“It’s kind of like a ticking time bomb”: Unregulated buy now, pay later programs surge in growth

US

At the height of the COVID-19 pandemic, consumers saw a new payment method hit the online shopping scene: buy now, pay later. The buzz around the small retail loans has since seemingly died down — but industry experts say this payment method is here to stay, as it continues to go up against established ways of making a purchase like credit cards. 

Buy now, pay later (BNPL) programs like Klarna, Sezzle, Afterpay, and Affirm allow shoppers to purchase an item – whether it be clothing, home decor, or even food – without paying the full price at once. Instead, consumers can break it up into four interest-free payments on a weekly or bi-weekly basis. 

The launch of this way of paying has coincided with massive growth within the global e-commerce market. In 2023, online retail was worth nearly $24.5 trillion globally, almost $10 trillion more than what it was in 2020. The International Trade Administration has estimated this market will continue to balloon, reaching upwards of $36 trillion by just 2026. 

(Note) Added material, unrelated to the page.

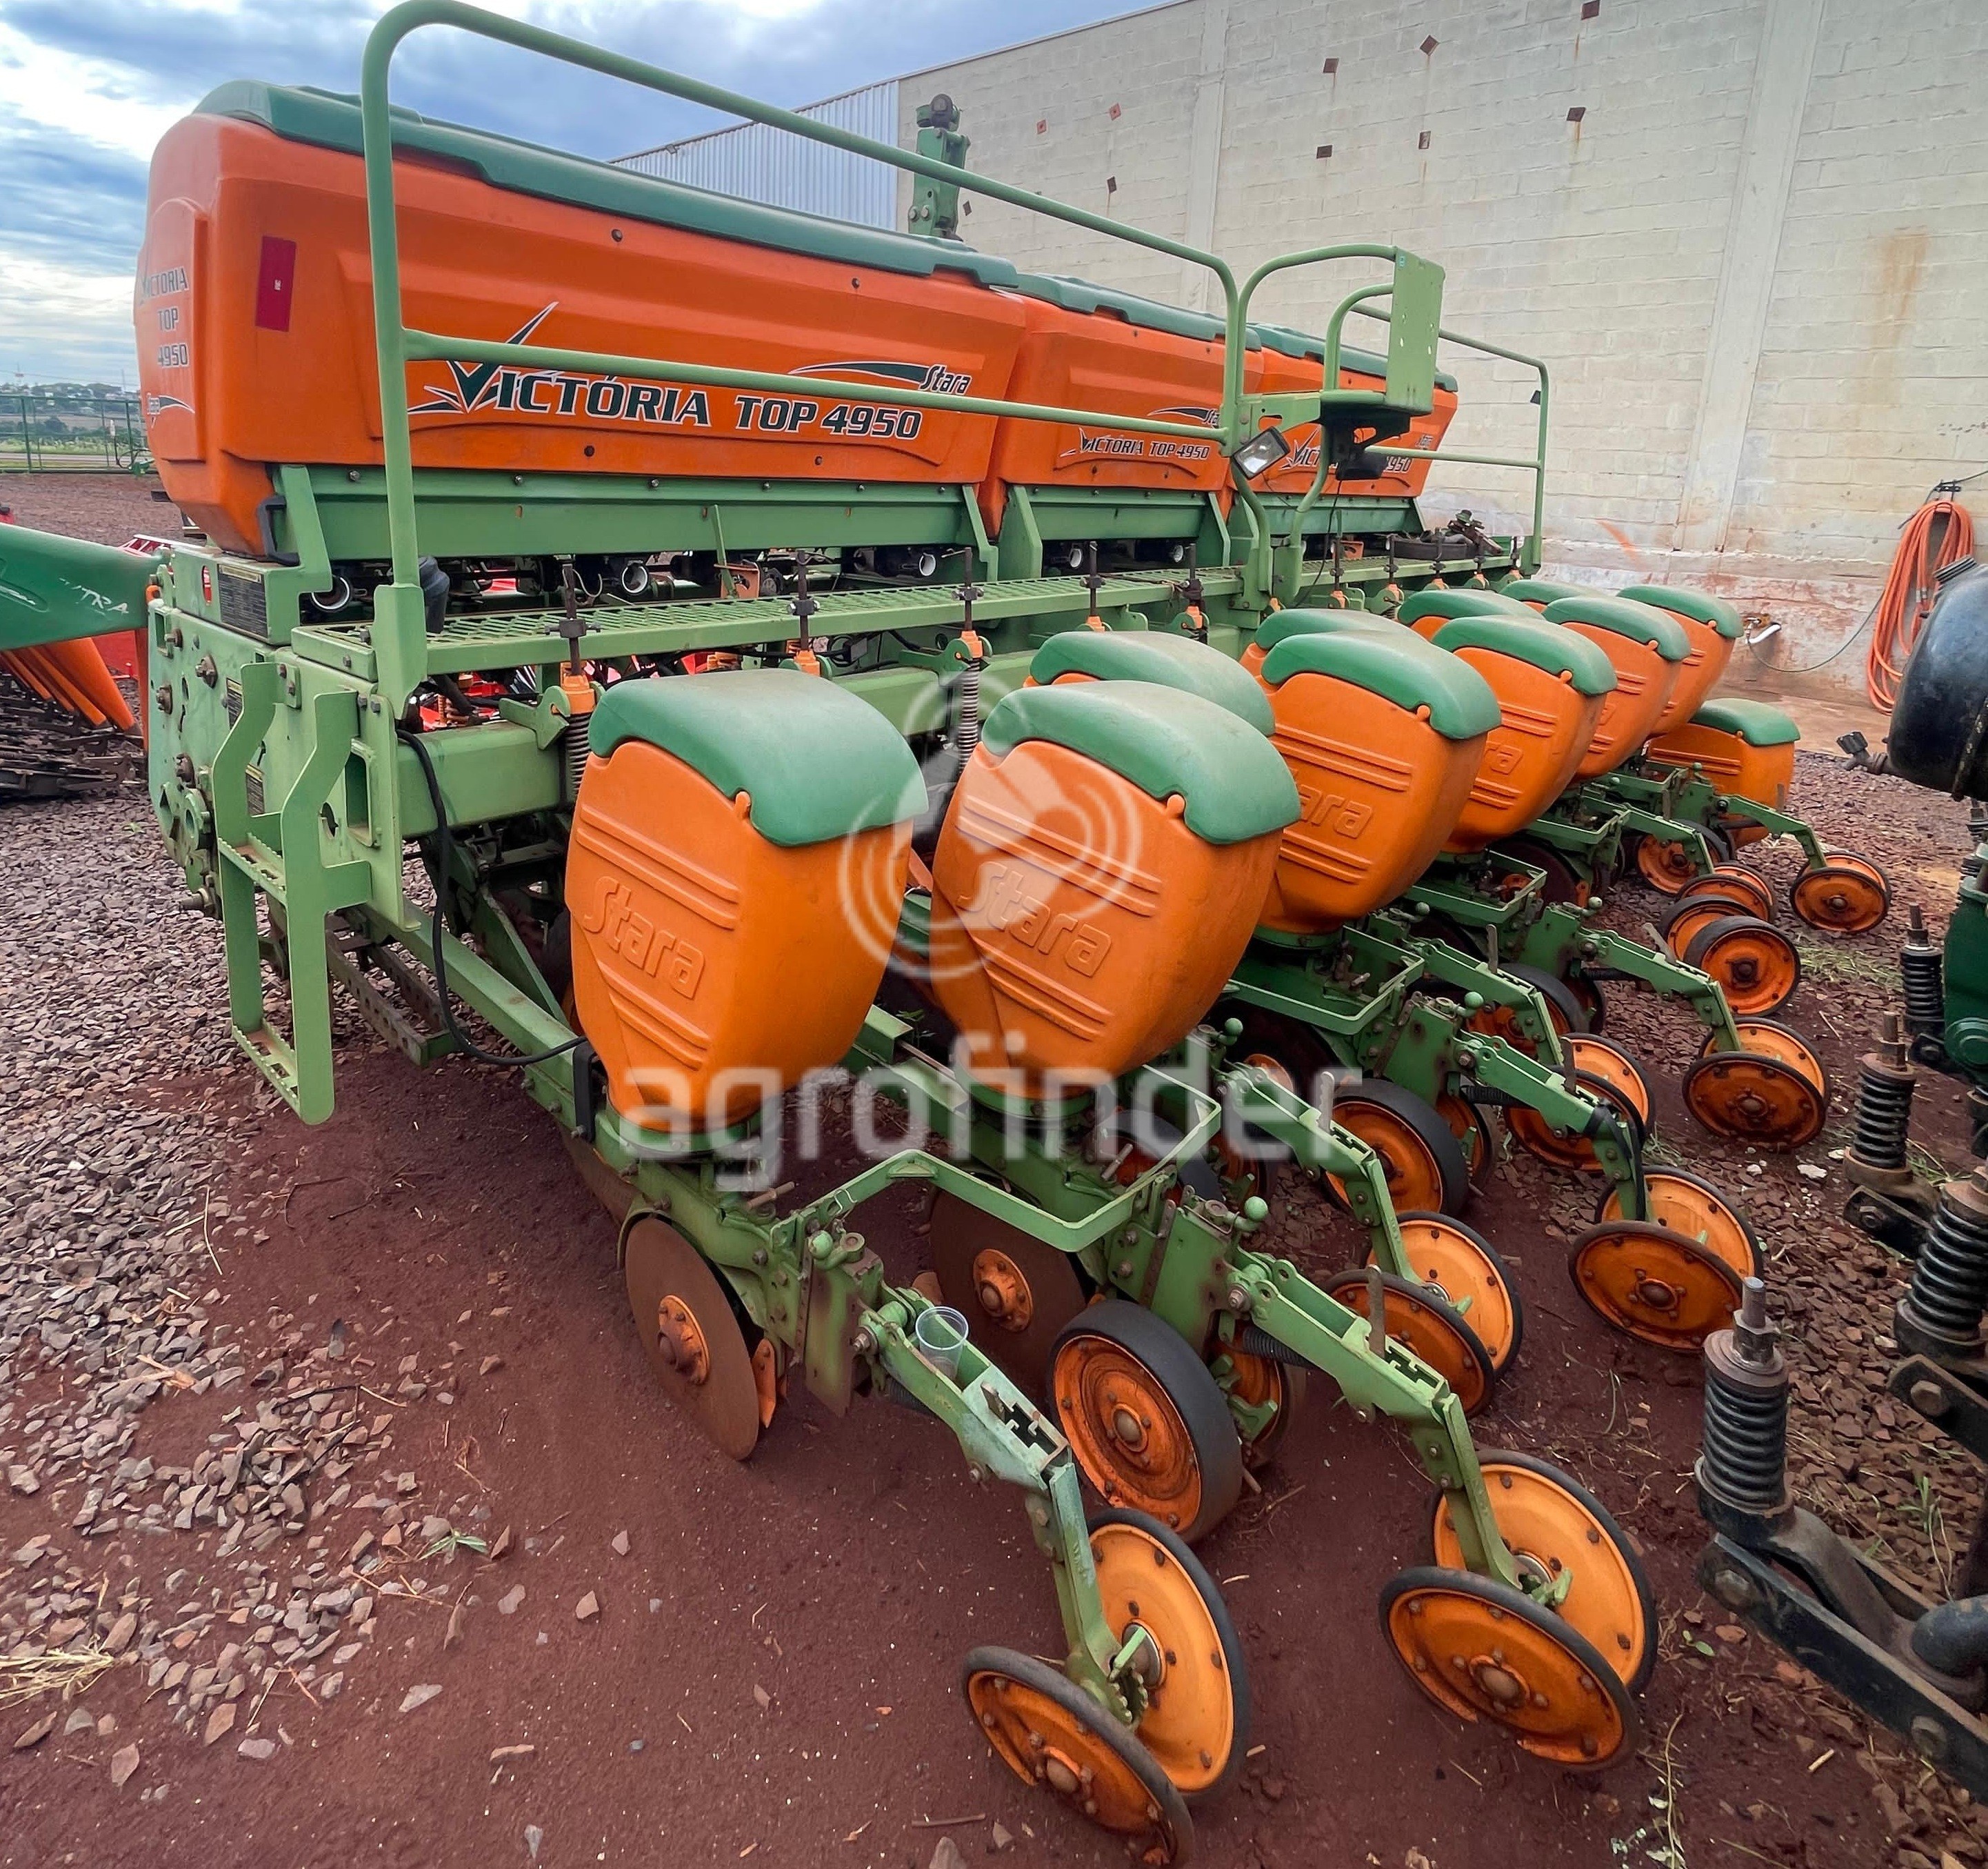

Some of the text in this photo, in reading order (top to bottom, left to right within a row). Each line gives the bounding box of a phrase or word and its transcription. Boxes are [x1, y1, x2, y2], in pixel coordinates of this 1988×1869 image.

Tens of millions of Americans have reported using BNPL programs, with research conducted by Capital One finding that around 88.2 million people said they used one during 2023 – up by around 11.6% from 2022. As consumers have turned to these installment payments largely for their convenience, there have long been worries about the long-term viability of the purchasing method and its impact on consumer debt. 

These short-term loans advertise themselves as interest-free, though, shoppers can find themselves in trouble if they miss payments. Depending on the company used for the purchase, consumers may face a fee of up to 25% of the original order amount. 

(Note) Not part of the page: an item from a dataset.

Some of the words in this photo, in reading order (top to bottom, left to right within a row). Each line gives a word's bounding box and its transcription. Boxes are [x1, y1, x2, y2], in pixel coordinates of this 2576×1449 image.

Amid these concerns, some research indicates the initial growth and usage of BNPL has slowed or fluctuated. In 2022, a survey conducted by NerdWallet found that only around 30% of Americans were using BNPL. One year later, a similar survey found that number had dropped to 25%. However, NerdWallet found in May that the amount of Americans that used BNPL in the last year jumped back up to 33%. 

Separate research conducted by WalletHub has also pointed to a slower expansion than its “rapid growth” in past years – potentially driven by increased regulation, debt concerns and lenient consumer protections, according to analyst Chip Lupo.

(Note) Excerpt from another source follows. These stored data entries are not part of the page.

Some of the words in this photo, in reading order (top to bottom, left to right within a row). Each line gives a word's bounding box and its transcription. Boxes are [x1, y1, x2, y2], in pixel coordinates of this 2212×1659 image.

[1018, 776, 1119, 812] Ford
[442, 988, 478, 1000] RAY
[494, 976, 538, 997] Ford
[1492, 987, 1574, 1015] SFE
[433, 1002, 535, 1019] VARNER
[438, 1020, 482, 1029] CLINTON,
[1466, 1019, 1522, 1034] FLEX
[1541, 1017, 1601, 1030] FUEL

Industry experts have pointed to this ebb-and-flow of usership as evidence of BNPL finding its niche of consumers. LexisNexis Risk Solutions tracks transactions and applications of BNPL programs. Based on their research, the number isn’t dropping. But, the type of consumer is, Kevin King, vice president of credit risk and marketing strategy told Salon. 

King explained that the trends over the past 18 months show a drop in new users but a massive increase in return shoppers. This shift in the consumer base may explain the fluctuating surveys, he said. 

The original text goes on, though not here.